Taking a picture also buys you time to change your thinking and literally reframe the situation. Your kids may also stop trying to kill each other and start posing and looking cute, which helps.

2) Tell your kids you're losing it.
You can be honest and tell them you are not coping. You are modeling human behaviour and giving them the words they can use when they are in the same situation.
It also teaches them about empathy. Often, kids want to help. If you tell them you need help, they are more likely to do something about it. Say something like, "kids! This is getting too loud and chaotic for me. I can't think and I'm getting very upset. Can you help me by picking up your toys and being more quiet? While you are cleaning up, I will go calm down for five minutes alone." Then, providing everyone will be safe, go somewhere alone for five minutes. Eat a chocolate bar in the shoe closet. Go yell at a chair in the shed. Whatevs.

3) Like #2, take a break and walk away for five minutes.
As long as your kids are safe, feel free to step away for five minutes. Lock yourself in a room. Call a friend. Set a timer and play Candy Crush. Or set a timer and cry. But just five minutes, then re-emerge and start again. (If you feel like you need more than 5 minutes and this happens every day or many times a day, you may need more help and I will leave some ideas for resources at the end of this post)

4) Take a deep breath and try to remember how you want your kids to feel.
Do you want to be apologizing to them before bed tonight for completely losing your marbles at them, or do you want to spend that time reading books and cuddling? Sometimes holding that ideal and keeping it in the forefront can snap you out of reacting badly.

5) Remind yourself this is all temporary.
Kids are only this age once. You don't get any do-overs. They do eventually grow out of most behaviours, even if it takes some longer than others.

6) Keep it in perspective.
Did they smear poop on the walls or is your house burning down? While poop wall paper sucks, a house burning down is a much bigger headache. So try to keep what is happening in perspective. It could be worse. I know I'd rather play "what's the smell?" and pick up surprise turds hidden behind the couch than, say, have to deal with a tummy virus. Or blood. Always look on the bright side! :)

7) Don't take it personally.
Your child isn't acting out to hurt you or spite you. They act out because they simply don't know any better. Or sometimes they just need attention. Perhaps you've been distant and distracted all day and it culminates at the end of the day when you are gifted with an epic tantrum of wild proportions. It's nothing personal though, they just don't know how to express their needs.

8) Remember your kids are people.
You wouldn't (hopefully) yell at an adult in public like this, so why do it to your kids? It's not acceptable either way. Try to remember your kids are just tiny humans learning their way in the world. You are in charge of taking care of them, but you do not own them.

So there, I just gave away all my secrets. Most of the time, I just believe my son is having a harder time than I am, since he has way fewer tools and less life experience. That empathy gets me through the rough patches. Also, because I have it very clear in my head that I don't want to be like my parents, it's very easy for me to think, "what would my parents do in this situation?" and then always do the opposite.

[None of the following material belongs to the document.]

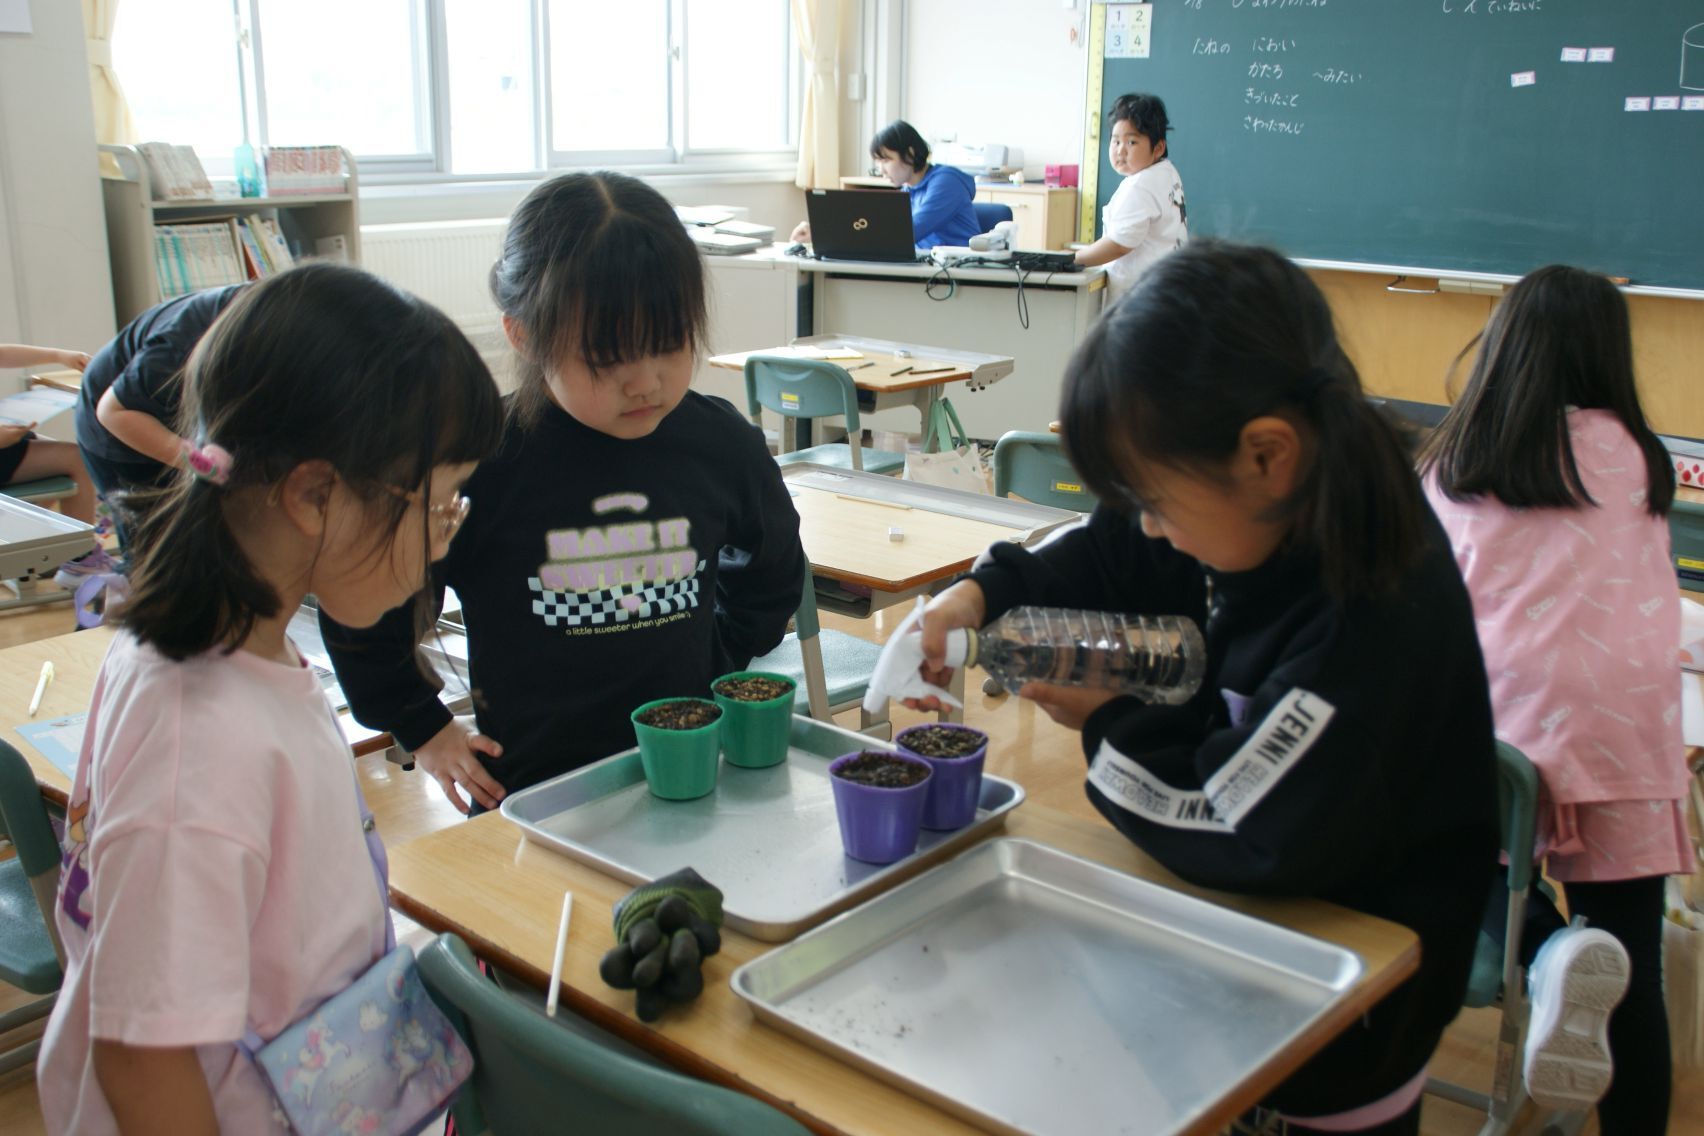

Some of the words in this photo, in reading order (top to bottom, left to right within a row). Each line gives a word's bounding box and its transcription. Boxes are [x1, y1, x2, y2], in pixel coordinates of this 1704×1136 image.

On a serious note - if you are really struggling and have thoughts of harming yourself or others, including your children, please call 911 immediately. Isolate yourself from those who are triggering you while you wait for assistance or run to the neighbour's and tell them you need help. Stay on the line with 911 personnel until someone else arrives.

If you're not in crisis, but not coping well, in QC you can walk into any CLSC during opening hours and ask to see a social worker. They will be able to counsel you and provide resources you may benefit from, such as respite or an aide.

Some insurance companies and employers offer a free Employee Assistance Program (EAP), where you can call for assistance 24/7. Immediate counseling can be given over the phone or you can have access to more long term counselling, if needed. You may be able to take parenting classes or anger management.

One book that has helped us a lot is Nonviolent Communication. We've also done some of the TEACH Through Love Program.